This past Saturday, I had the pleasure of preparing a lesson for our monthly writing workshop. I have to admit the feeling of being a teacher did not feel right but I did it because stepping out of your comfort zone is how you learn, progress and experience different areas in your life and passions.
I decided to do a lesson on self-reflection especially since I have been battling with writer’s block and thought it might be nice to get my fellow writers to take some time to look at them from the inside as our year starts to wind down.
Little did I know that everyone felt like they are at different places in their writing journey and needed some quiet reflection, thoughts and rejuvenation.
So….sitting in my chair, I shared these two exercises with my group.
Exercise 1: The Four Seasons
In the Bible, we learn in Ecclesiastes that everything has a season…a season to live, to die, to uproot, to plant, etc. and it made me realise that each writer goes through “seasons” (phases) in their writing.
In our writing, we find ourselves going through season too. Seasons of blossoming and motivation, seasons of flowing writing, inspiration and commitment and then there are our season where we lose interest, ideas disappear, emptiness and lack of anything to do with writing.
Try it for yourself:
Print off a picture of the four seasons of the year, and in your own words, describe what each season represents to you in your writing journey whether it’s over a long period or short period of time.
Now, hold it up and slowly discover which your best seasons for producing work are and which are your worst seasons where you need to allow yourself some breathing space.
This exercise is to make you realise that going through Seasons is fine and allow yourself to feel them, experience them and allow yourself to go through whatever that Season is bringing.
Seasons like we see outside our window, happens inside of us too and that’s okay! Just know that the season you are going through will change, will get better or maybe even worse but never stop trying, writing, experiencing and expressing yourself through your passion.
You are a writer no matter the season
TAKE A BREAK: Between these exercises, print off a colouring page of the four seasons and do some colouring therapy in between
Now, that you have discovered which season helps you produce the most work, it’s time to take a look at your bookshelf……
Exercise 2: Your Bookshelf
Every writer at some point has a bookshelf with books on it. Books from self-help to writing tips to novels to genres that they love reading inspire them and keep their passion for the written word ignited.
This exercise is to help you discover what writing is for you, what fears stop you from writing, what your writing should be, the things you love and what is on your top shelf.
To start, find a picture of an empty bookshelf that catches your attention and print it off. Alternatively, get creative and draw your own one. Your bookshelf needs to have five shelves.
Pick which is the top. On the top shelf, draw a picture of what your bestselling book cover looks including the title. Once you have done that, fold that section in half so you can’t see your book.
Now, start again at the bottom. Like everything in life, everything starts with having a foundation. On your bottom shelf, complete this sentence in your own words:
What is writing to you? When you say these two words, what is the first thing comes to your mind?
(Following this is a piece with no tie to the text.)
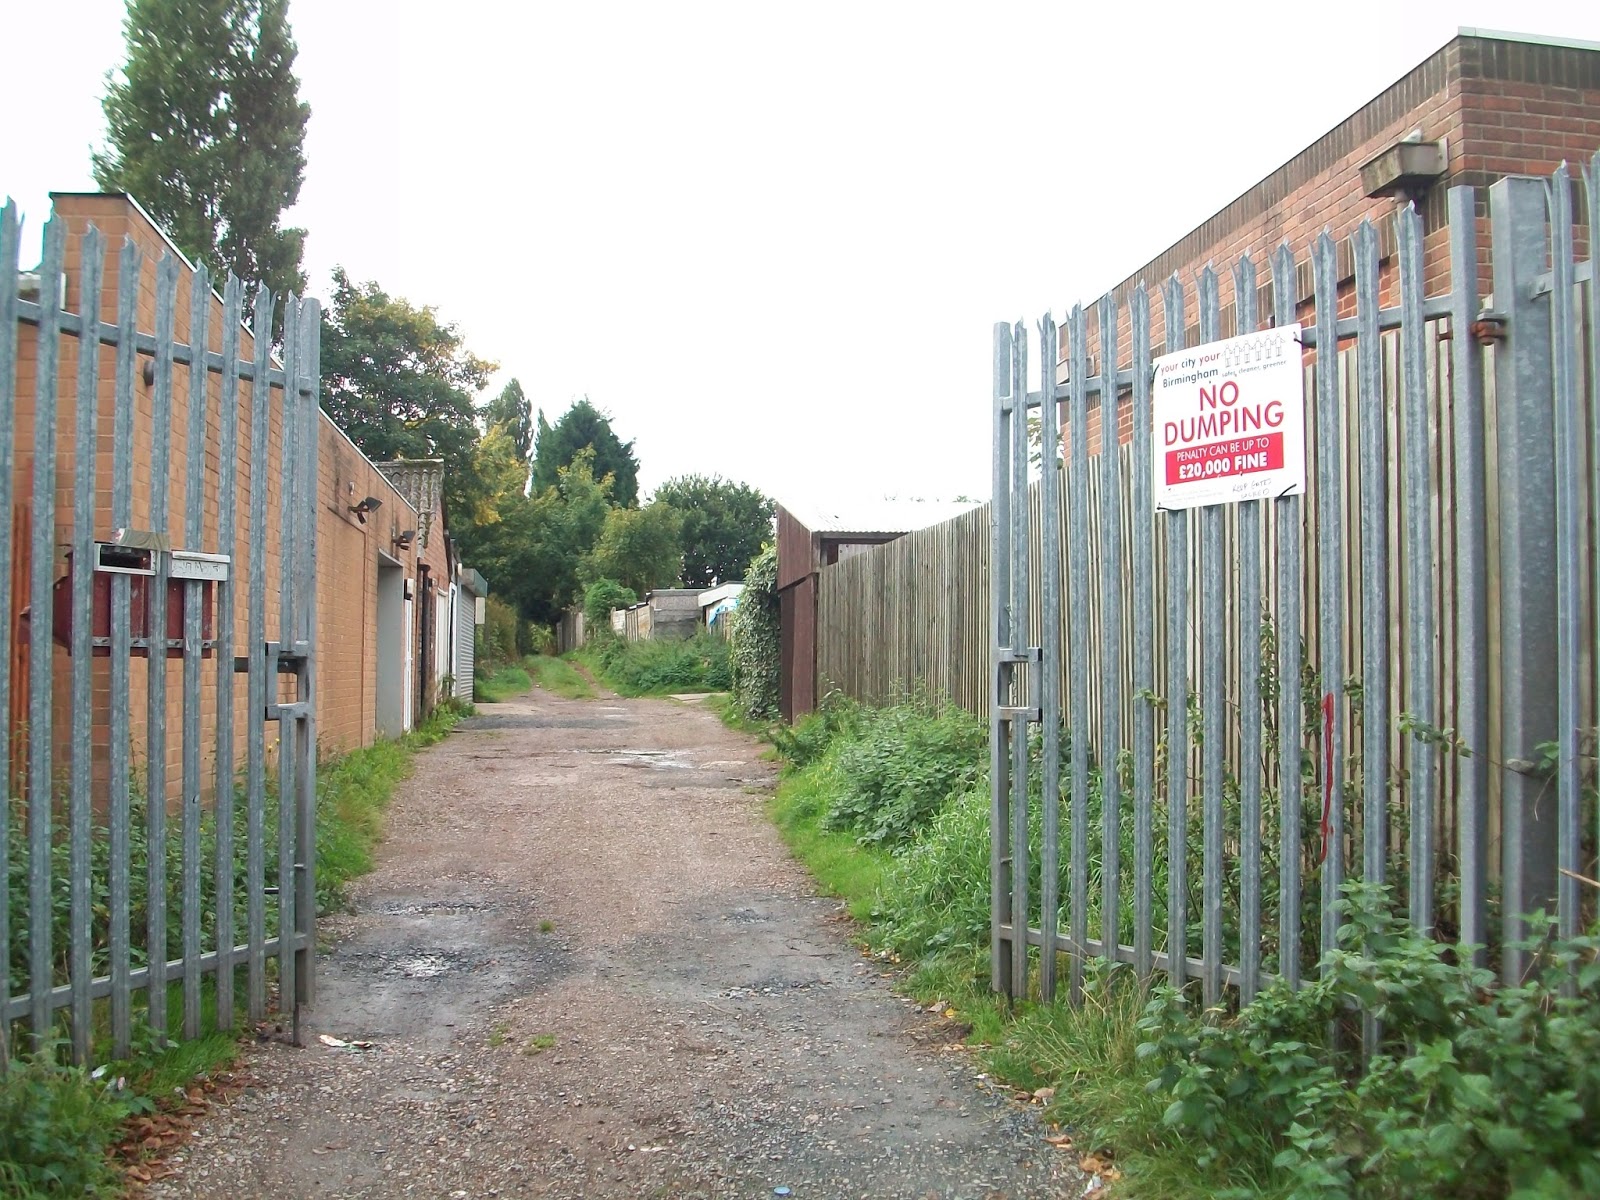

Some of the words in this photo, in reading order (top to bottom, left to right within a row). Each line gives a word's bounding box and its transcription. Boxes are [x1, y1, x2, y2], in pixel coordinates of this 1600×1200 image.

Now, re-read what you have written. This is usually what writing means to you and what made you decide to write in the first place, i.e. your foundation.
On the second shelf above this one, write down 5 of your fears. These fears do not have to have anything to do with writing. Just write down what scares you.
Lean back and read them. How many of these fears stop you from committing to your writing? Are any a metaphor for something deeper?
Next shelf up, complete this sentence:
Write all the things you love. Once again, they don’t have to have anything to do with writing. Allow yourself to express your love and passions on the page.
Look at all the things you love doing….how do these things inspire you to write, give you ideas to write about and/or even teach you along your writing journey? Sometimes our other passions filter into our writing passion which can help create great stories.
Lastly, the fourth bookshelf, before we look at the bigger picture. Complete this sentence:
My writing should be….
How would you like your writing to be? What should it be? Is your writing where you want it to be?
FINALLY, open the flap to reveal your bestselling novel again. Take a look at the picture from a far. Look at the bigger picture and ask yourself these questions:
Did I start off with a strong foundation?
How are my fears affecting me or hindering me to get that bestseller completed?
How can I use what I love in my writing and/or to inspire me to write?
Do I need to focus more on what I love and less on my fears?
Is my writing where I want it to be?
What can I do to climb my bookshelf to achieve my bestseller whether it’s only for me to be shared with others?
Writing will always be a journey filled with adventure, failure, successes and learning. Embrace it, let your fingers flirt across the page and enjoy every season of your journey.